Question Submitted by: The Honorable David L. Moss, District Attorney, Tulsa County
1982 OK AG 212

Decided: 11/09/1982
Oklahoma Attorney General


Cite as: 1982 OK AG 212, __ __


¶0 The Attorney General has received your request for an official opinion, asking, in effect, the following question:
Which of the following situations, if any, are subject to the requirements of the Open Meeting Act:
(A) The members of a public body meet among themselves to discuss the appropriation of funds;
(B) A public body is interested in gaining insight into a matter of which the members are not knowledgeable. The members of the public body meet with a group of experts in the field in order to discuss the matter;
(C) A majority of members of a public body are together in an informal setting. The members begin discussing a matter concerning the business of the public body;
(D) A public body meets to vote on a matter?

¶1 Oklahoma Ass’n of Municipal Att’ys v. State, Okl., 577 P.2d 1310 (1978), recognized that one of the policies sought to be advanced by the Legislature in adopting the Open Meeting Act was to facilitate an informed citizenry’s right to participate in government and understand why government acts affecting their lives are taken.

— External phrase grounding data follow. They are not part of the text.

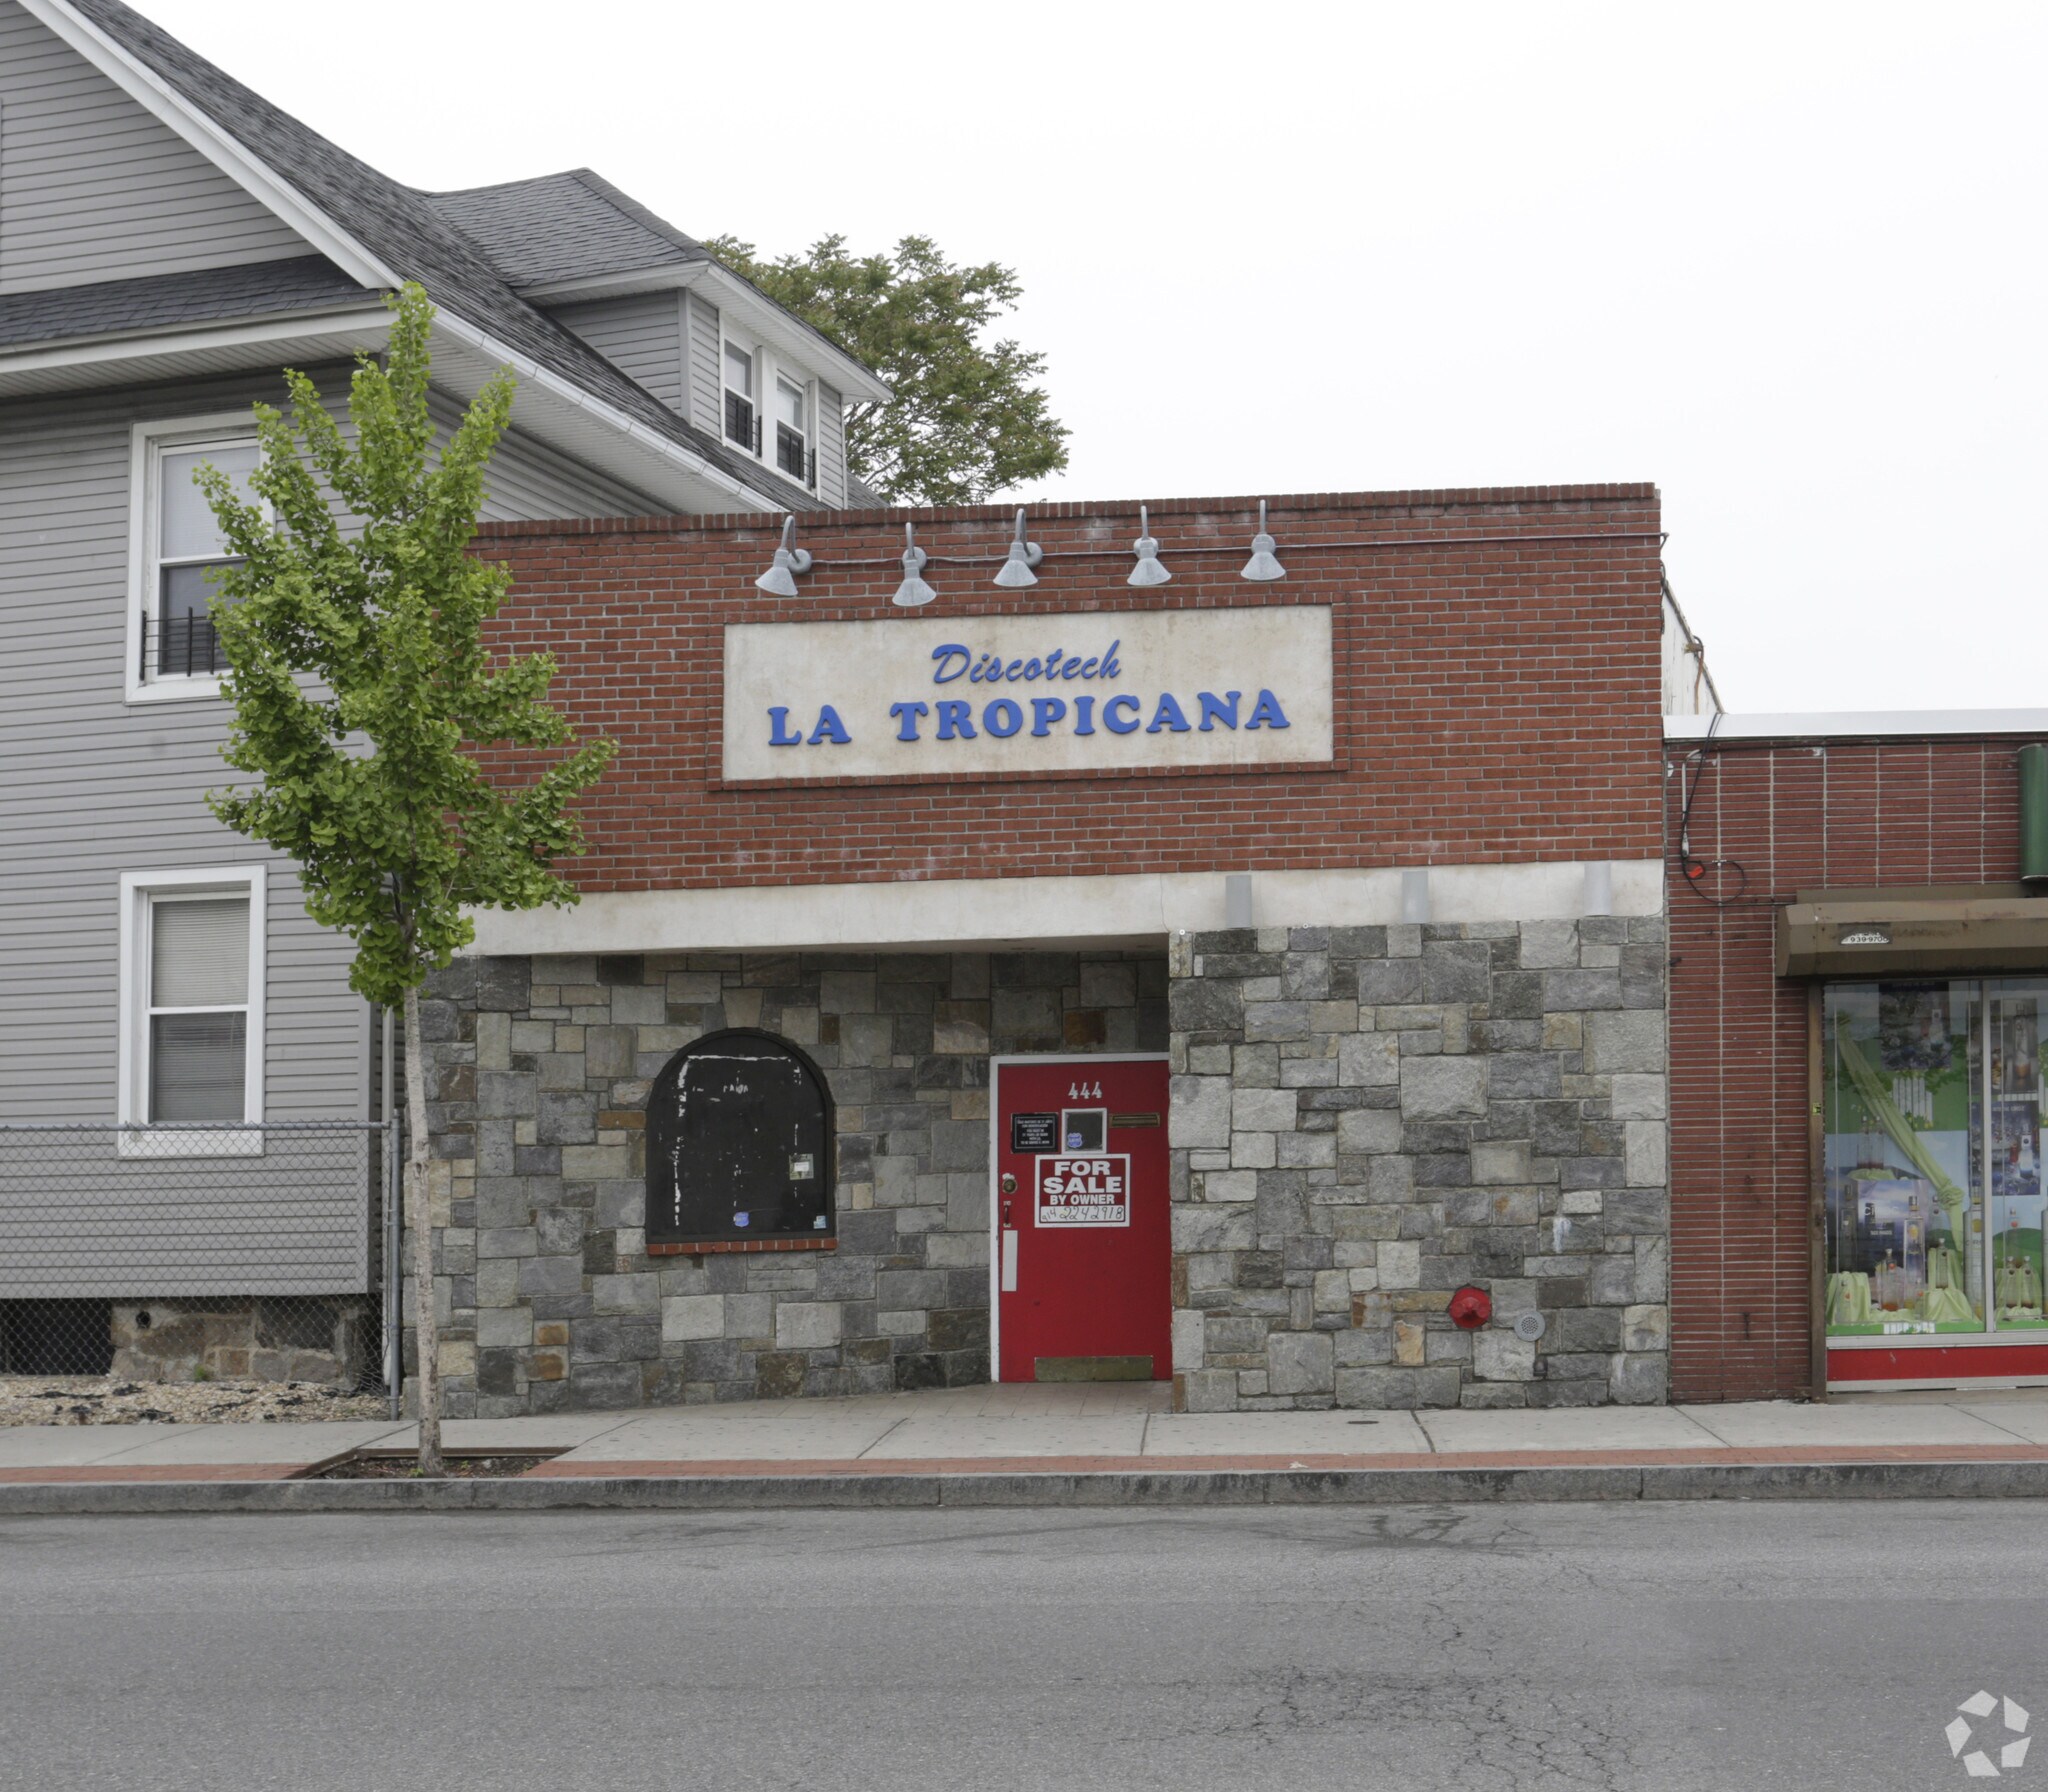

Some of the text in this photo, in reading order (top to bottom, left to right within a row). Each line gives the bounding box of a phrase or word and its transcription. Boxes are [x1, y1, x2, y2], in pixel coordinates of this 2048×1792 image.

[932, 640, 1121, 683] Discotech
[768, 689, 1289, 746] LA TROPICANA
[1068, 1081, 1102, 1099] 444
[1054, 1160, 1111, 1176] FOR
[1043, 1176, 1122, 1194] SALE
[1050, 1194, 1115, 1205] BY OWNER
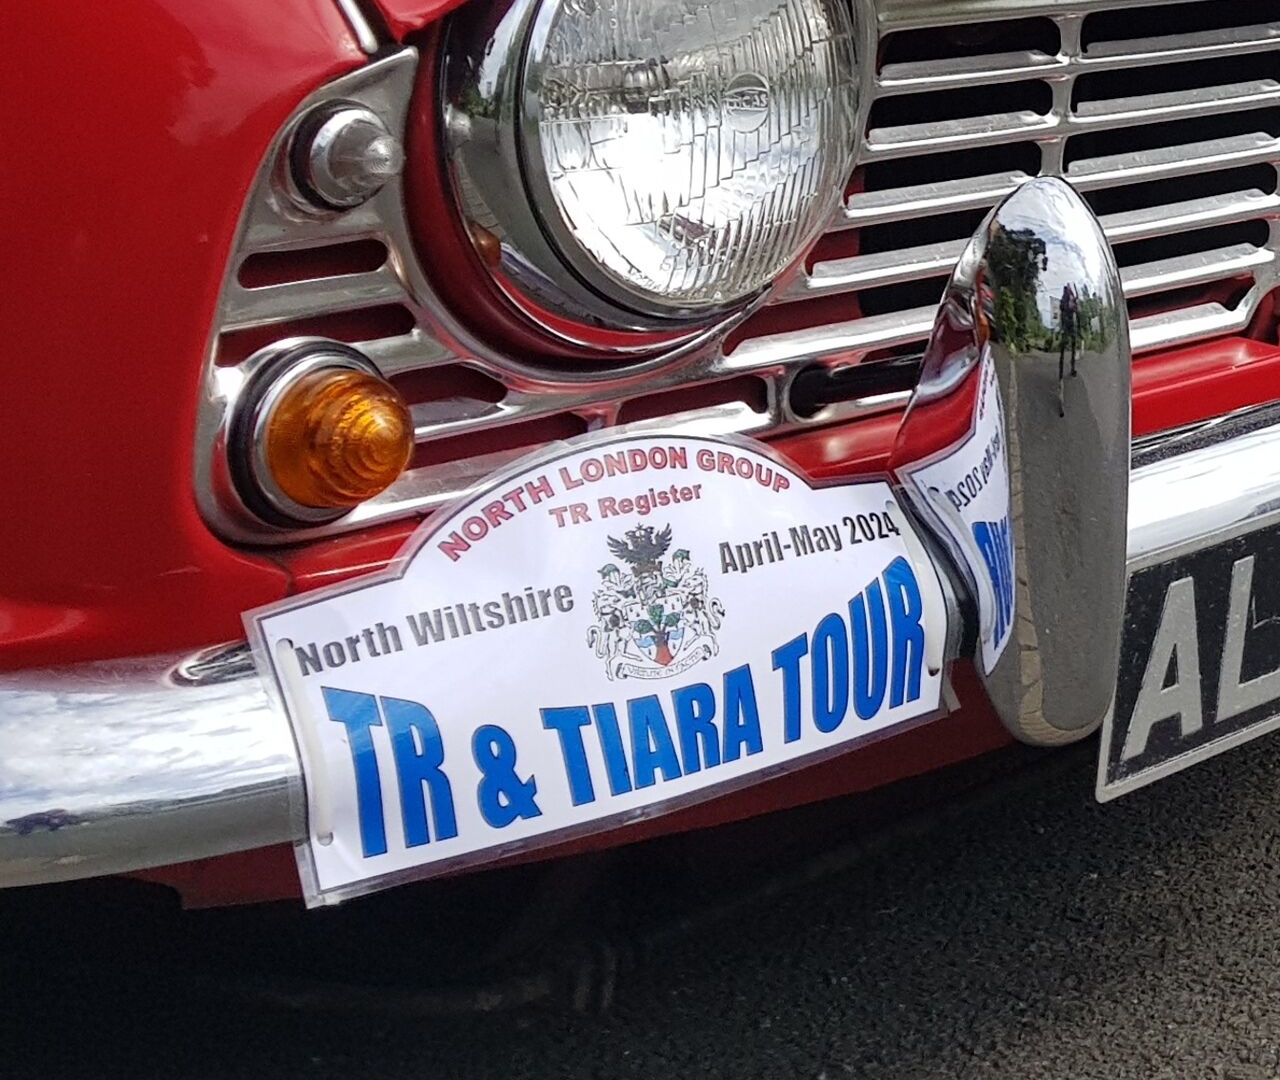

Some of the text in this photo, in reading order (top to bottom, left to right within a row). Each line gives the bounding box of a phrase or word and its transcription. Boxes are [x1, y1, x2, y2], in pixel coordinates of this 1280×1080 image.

[437, 446, 790, 562] NORTH LONDON GROUP
[549, 484, 702, 528] TR Register
[718, 512, 901, 574] April-May 2024
[295, 584, 574, 676] North Wiltshire
[320, 686, 458, 858] TR
[471, 724, 542, 828] &
[539, 664, 763, 807] TIARA
[772, 554, 925, 744] TOUR
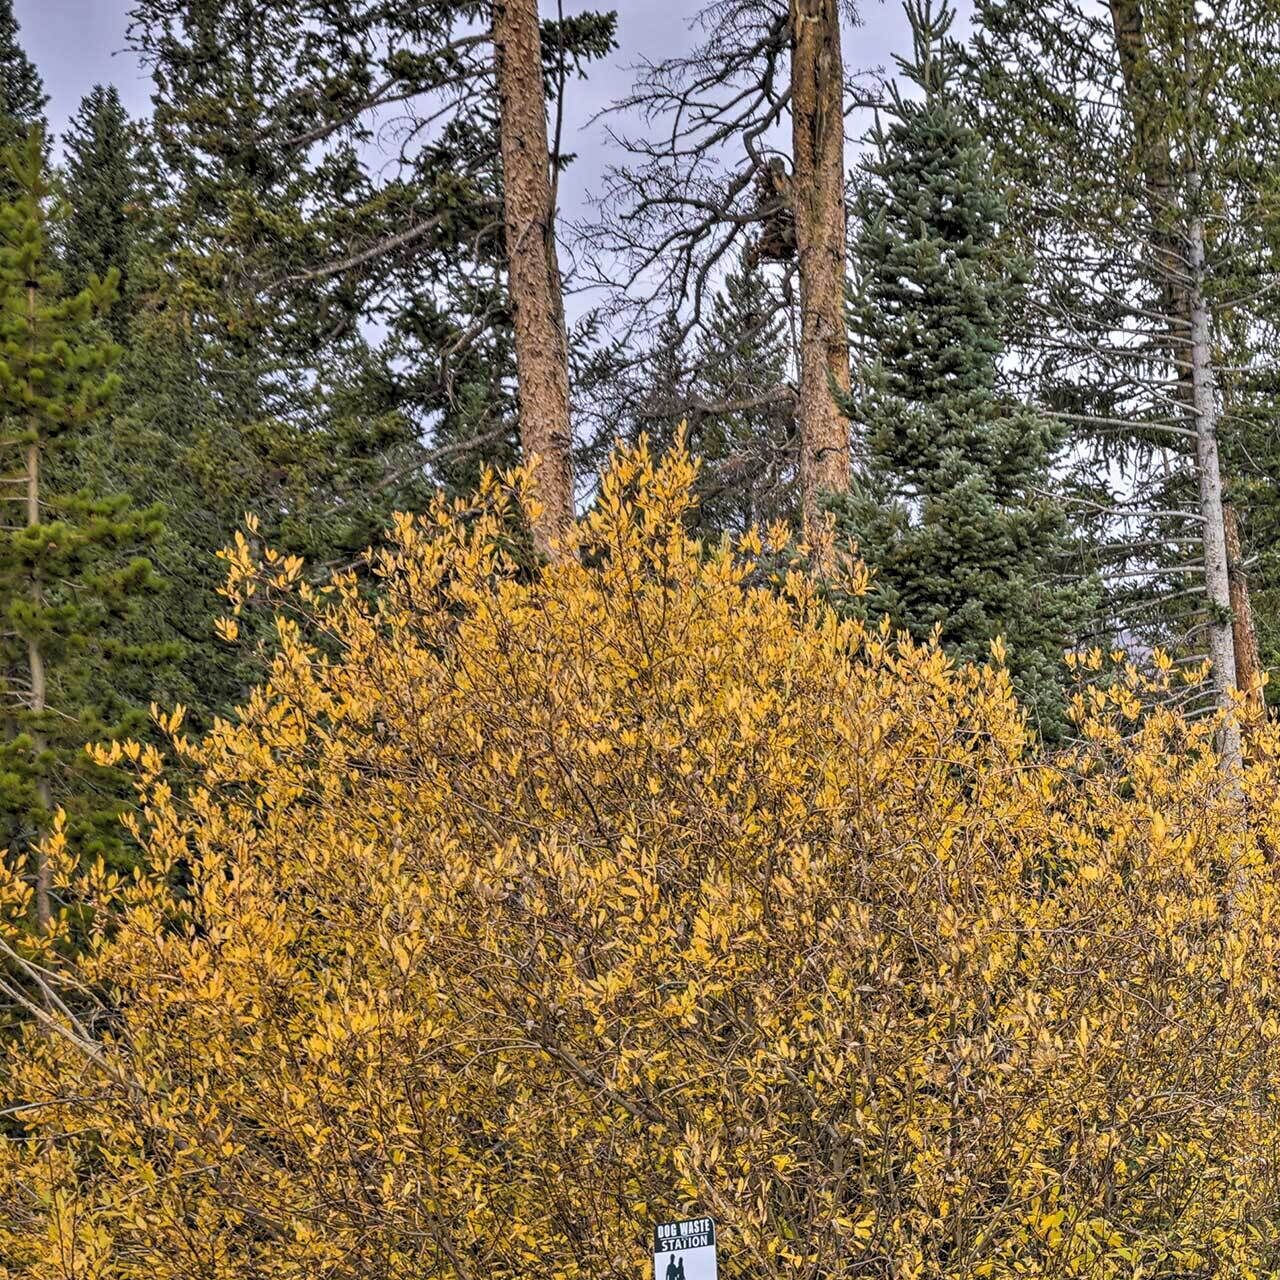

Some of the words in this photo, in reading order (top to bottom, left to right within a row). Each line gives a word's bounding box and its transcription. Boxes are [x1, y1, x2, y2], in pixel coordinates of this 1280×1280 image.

[658, 1224, 677, 1238] DOG
[680, 1218, 710, 1236] WASTE
[662, 1234, 708, 1252] STATION
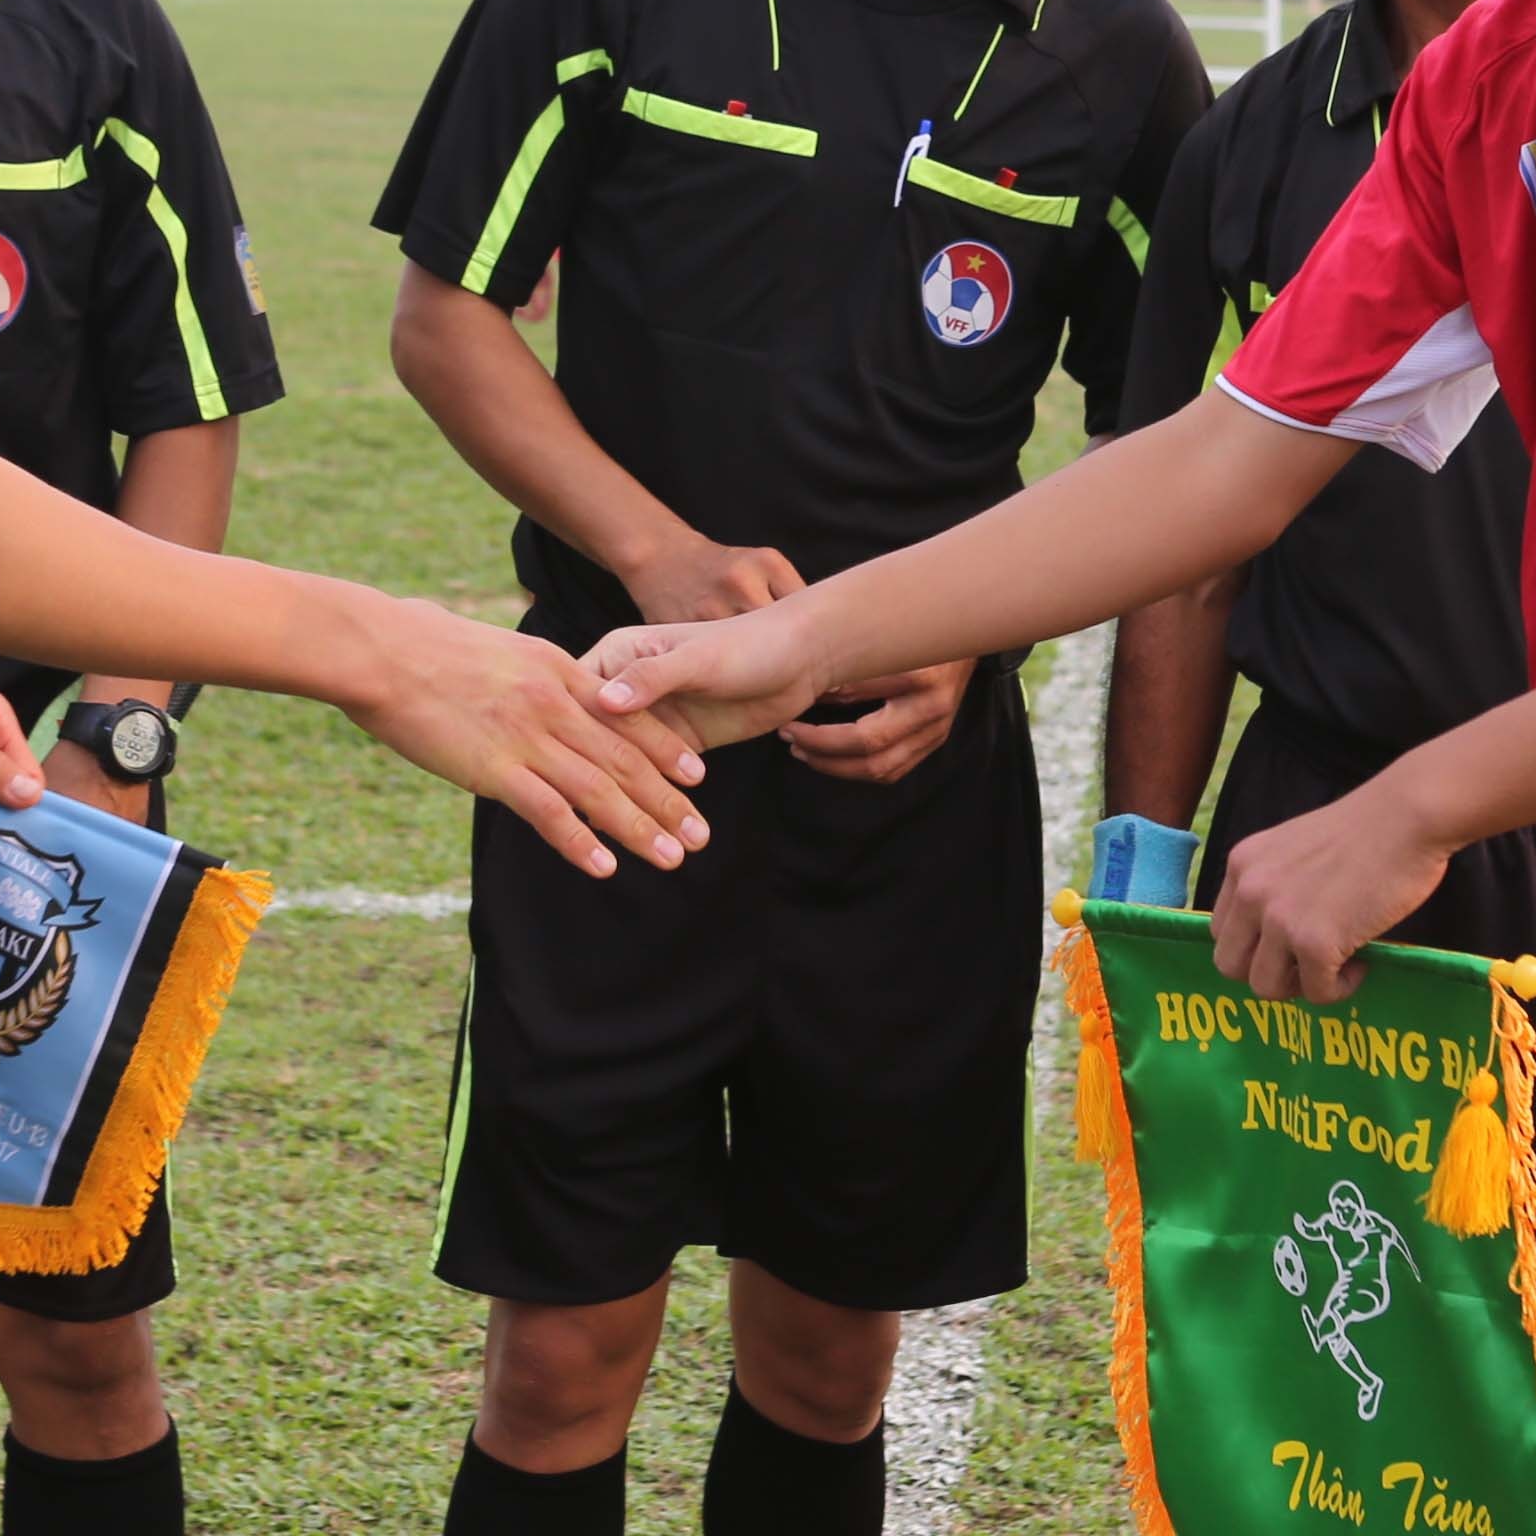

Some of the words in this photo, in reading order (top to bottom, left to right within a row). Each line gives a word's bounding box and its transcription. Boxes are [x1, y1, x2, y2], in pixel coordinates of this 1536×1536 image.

¶2 Statutes are to be construed with reason to accomplish the Legislature’s purpose, as opposed to construing them in a manner to encourage the evil against which such statutes are directed. Bell v. United Farm Agency, Okl., 296 P.2d 149,150 (1956). The Open Meeting Law, because it is enacted for the public’s benefit, is to be construed liberally in favor of the public. Intern. Ass’n of Firefighters v. Thorpe, Okl., 632 P.2d 408, 411 (1981). Therefore, the provisions of the Open Meeting Act will be given a liberal construction with reference to the questions posed.

¶3 The first question concerns whether the Open Meeting Act is applicable when members of a public body meet among themselves to discuss the appropriation of funds. This question is answered in part by 25 O.S. 304(2) (1981), which defines “meeting” as “the conducting of business of a public body by a majority of its members being personally together.” Unless a contrary intent appears, words used in a statute are given their ordinary meanings. Applications of Oklahoma Turnpike Authority, Okl., 277 P.2d 176 (1954). “Business,” not having been defined in the Open Meeting Act, must be given a construction in consonance with the ordinary meaning of the term and in harmony with the purposes of the Open Meeting Act; and as stated, supra, a liberal interpretation must be indulged. Business should be assumed to include the entire decision-making process including deliberation, decision or formal action. 13 OKL.OP.A.G. 132, 134 Atty Gen. Opin. No. 81-69; 11 OKL.OP.A.G. 543, 545, Atty Gen. Opin. No. 79-331. See, Times Publishing Company v. Williams, 222 So.2d 470 (Fla.1969). Clearly, the Legis lature must have intended for the discussion stage to be covered by the Open Meeting Act. Therefore, when members of a public body meet among themselves to discuss the appropriation of funds, the requirements of the Open Meeting Act must be met.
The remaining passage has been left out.